EXERCISE OBJECTIVE
Once you find the line that contains "Some of the words", write out that line and every line after it to the end of the records, exactly and with nothing else.

RECORD SET
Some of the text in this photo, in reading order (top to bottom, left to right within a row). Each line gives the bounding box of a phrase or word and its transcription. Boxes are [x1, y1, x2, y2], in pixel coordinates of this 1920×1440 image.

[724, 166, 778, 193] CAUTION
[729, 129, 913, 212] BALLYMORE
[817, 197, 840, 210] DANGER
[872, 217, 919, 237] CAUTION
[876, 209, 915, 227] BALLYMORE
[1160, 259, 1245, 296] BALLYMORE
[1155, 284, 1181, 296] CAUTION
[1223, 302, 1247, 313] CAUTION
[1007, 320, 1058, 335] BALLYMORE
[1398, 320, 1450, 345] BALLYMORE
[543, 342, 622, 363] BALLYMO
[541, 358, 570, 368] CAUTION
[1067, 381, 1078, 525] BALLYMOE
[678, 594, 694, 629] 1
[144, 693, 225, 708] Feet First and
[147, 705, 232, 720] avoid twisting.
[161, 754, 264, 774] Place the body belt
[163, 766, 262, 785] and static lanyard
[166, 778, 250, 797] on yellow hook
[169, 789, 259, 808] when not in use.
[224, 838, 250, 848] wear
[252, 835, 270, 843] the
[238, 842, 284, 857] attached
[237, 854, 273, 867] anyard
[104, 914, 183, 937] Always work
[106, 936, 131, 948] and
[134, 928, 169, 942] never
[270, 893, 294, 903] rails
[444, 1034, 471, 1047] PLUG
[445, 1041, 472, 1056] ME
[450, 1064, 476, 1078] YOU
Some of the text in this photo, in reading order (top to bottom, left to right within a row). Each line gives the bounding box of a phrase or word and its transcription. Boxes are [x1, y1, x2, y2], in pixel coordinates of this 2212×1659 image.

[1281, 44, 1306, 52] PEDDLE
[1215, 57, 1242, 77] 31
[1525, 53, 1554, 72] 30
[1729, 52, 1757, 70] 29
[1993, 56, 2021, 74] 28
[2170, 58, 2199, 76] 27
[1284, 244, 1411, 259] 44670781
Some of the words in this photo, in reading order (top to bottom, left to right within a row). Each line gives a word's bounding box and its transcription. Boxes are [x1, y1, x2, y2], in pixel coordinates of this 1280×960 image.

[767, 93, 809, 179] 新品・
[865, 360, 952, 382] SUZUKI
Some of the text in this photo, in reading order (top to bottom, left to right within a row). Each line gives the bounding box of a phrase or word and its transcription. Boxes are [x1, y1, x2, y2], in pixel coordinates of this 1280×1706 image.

EXERCISE RESPONSE
Some of the words in this photo, in reading order (top to bottom, left to right within a row). Each line gives a word's bounding box and its transcription. Boxes are [x1, y1, x2, y2], in pixel coordinates of this 1280×960 image.

[767, 93, 809, 179] 新品・
[865, 360, 952, 382] SUZUKI
Some of the text in this photo, in reading order (top to bottom, left to right within a row). Each line gives the bounding box of a phrase or word and its transcription. Boxes are [x1, y1, x2, y2], in pixel coordinates of this 1280×1706 image.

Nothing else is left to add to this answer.